Extraditions of Babar Ahmad and Talha Ahsan: Our Failure
After years of detainment without trial, petitions that have been ignored by Parliament and countless campaigns to raise awareness, crowds gathered one more time outside the Royal Courts of Justice, in support of Babar Ahmad, Talha Ahsan, Abdul Bary and Khaled al-Fawwaz. I was present today and with the people I talked to, there was acknowledgment that after this build up, it was unlikely that the decision to extradite these men would be overturned in one day, but it was a mark of human nature that there still remained hope.
This hope kept the crowd going after we heard that the verdict's announcement would be delayed from midday to later in the afternoon. This gave time me time to engage with some of the public there, as well as with the various groups that had united in this cause for justice.
Discussions were lively and insightful, exposing even more facts that the authorities would prefer to remain hidden, such as the statement of a UN special rapporteur,which explained that the U.S.'s use of Supermax solitary confinement cells constituted psychological torture. Speakers also took turns with the megaphone to address the crowd, pointing out that whatever the verdict, this fight for justice must not end here.

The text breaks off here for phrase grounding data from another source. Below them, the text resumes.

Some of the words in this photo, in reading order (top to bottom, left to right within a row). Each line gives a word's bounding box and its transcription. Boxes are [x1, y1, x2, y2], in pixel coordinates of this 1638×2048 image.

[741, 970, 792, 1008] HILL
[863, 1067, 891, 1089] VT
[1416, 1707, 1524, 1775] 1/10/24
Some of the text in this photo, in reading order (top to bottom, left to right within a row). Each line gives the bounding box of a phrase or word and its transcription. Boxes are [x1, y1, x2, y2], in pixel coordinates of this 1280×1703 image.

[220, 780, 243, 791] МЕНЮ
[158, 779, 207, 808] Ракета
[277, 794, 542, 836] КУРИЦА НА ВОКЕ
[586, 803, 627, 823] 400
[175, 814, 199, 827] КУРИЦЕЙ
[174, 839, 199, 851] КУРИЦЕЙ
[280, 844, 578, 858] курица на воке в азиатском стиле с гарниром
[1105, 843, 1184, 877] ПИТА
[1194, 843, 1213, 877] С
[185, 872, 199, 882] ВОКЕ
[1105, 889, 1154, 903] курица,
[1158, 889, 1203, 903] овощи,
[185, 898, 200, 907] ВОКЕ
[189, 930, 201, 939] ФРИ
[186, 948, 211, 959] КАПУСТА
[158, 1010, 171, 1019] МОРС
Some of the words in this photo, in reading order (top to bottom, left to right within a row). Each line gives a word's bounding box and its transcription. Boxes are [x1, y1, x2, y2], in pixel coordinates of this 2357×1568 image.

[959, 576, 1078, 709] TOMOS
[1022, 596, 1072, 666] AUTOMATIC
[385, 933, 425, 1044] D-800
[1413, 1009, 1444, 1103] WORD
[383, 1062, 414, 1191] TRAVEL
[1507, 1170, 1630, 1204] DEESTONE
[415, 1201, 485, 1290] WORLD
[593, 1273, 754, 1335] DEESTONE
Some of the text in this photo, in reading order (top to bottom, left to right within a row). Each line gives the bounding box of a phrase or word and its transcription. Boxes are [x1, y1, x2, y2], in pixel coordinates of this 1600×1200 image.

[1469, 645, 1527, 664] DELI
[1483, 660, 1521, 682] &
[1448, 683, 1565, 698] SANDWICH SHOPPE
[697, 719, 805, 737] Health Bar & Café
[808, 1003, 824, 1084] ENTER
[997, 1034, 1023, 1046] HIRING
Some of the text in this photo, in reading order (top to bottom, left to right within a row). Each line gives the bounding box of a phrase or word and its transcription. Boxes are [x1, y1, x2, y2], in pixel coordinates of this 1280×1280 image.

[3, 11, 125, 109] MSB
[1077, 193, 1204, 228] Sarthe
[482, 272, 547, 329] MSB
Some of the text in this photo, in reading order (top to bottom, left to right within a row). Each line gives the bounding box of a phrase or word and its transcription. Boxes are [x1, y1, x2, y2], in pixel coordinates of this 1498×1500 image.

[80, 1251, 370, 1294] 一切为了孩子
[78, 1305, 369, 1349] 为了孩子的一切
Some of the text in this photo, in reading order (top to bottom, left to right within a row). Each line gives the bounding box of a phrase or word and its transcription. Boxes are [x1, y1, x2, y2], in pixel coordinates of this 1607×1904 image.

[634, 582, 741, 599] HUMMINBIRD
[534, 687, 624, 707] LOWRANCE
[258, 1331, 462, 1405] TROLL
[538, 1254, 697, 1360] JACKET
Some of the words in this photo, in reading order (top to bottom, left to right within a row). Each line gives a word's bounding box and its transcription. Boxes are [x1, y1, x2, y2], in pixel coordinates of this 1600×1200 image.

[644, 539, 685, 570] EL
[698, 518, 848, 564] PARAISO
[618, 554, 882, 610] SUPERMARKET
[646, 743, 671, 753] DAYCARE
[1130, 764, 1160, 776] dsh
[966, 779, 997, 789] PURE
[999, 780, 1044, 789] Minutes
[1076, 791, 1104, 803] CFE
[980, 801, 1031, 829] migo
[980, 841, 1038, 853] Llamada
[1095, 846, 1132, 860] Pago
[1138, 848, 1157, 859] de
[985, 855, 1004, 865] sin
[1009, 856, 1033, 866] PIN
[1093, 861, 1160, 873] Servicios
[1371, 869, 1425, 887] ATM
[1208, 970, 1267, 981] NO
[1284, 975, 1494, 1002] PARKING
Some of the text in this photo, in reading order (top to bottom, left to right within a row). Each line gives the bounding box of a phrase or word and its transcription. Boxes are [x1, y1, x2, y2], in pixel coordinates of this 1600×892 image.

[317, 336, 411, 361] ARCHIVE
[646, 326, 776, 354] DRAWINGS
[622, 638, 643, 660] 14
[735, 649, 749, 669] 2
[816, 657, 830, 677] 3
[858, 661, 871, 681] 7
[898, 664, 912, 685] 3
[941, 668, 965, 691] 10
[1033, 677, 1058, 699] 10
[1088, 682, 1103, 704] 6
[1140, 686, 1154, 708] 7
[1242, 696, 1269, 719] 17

And it was this attitude, to continue the fight, that continued to build in the crowd, until the verdict was finally released. When word came out that the extradition was to go ahead, tears were shed and chants were yelled with passion, but nobody in the crowd was disheartened; yet another mark of human nature.
Because it does not matter if Sir Thomas and Mr Ousley said there was no appealing their decision; an injustice has been done, and all people of conscience, particularly Muslims, must make a stand against injustice:
"O you who have believed, be persistently standing firm for Allah, witnesses in justice, and do not let the hatred of a people prevent you from being just. Be just; that is nearer to righteousness. And fear Allah; indeed, Allah is acquainted with what you do." - Surah Ma'eda, ayah 8.
It is clear that the gauntlet has been thrown, not just with today's ruling, but with the clear intent to continue in such a manner: the BBC's legal correspondent, Clive Coleman has said that judges are calling for judicial reviews into speeding up this process in future, all but spelling out that this was not the end and there is more to come.
It is also clear that we Muslims of Britain have failed these men and ourselves. Whatever it is we were doing for these men, it obviously was not enough to overturn this political decision. Justice was not done.
Our duty to uphold justice, your duty and mine, must take a new turn now.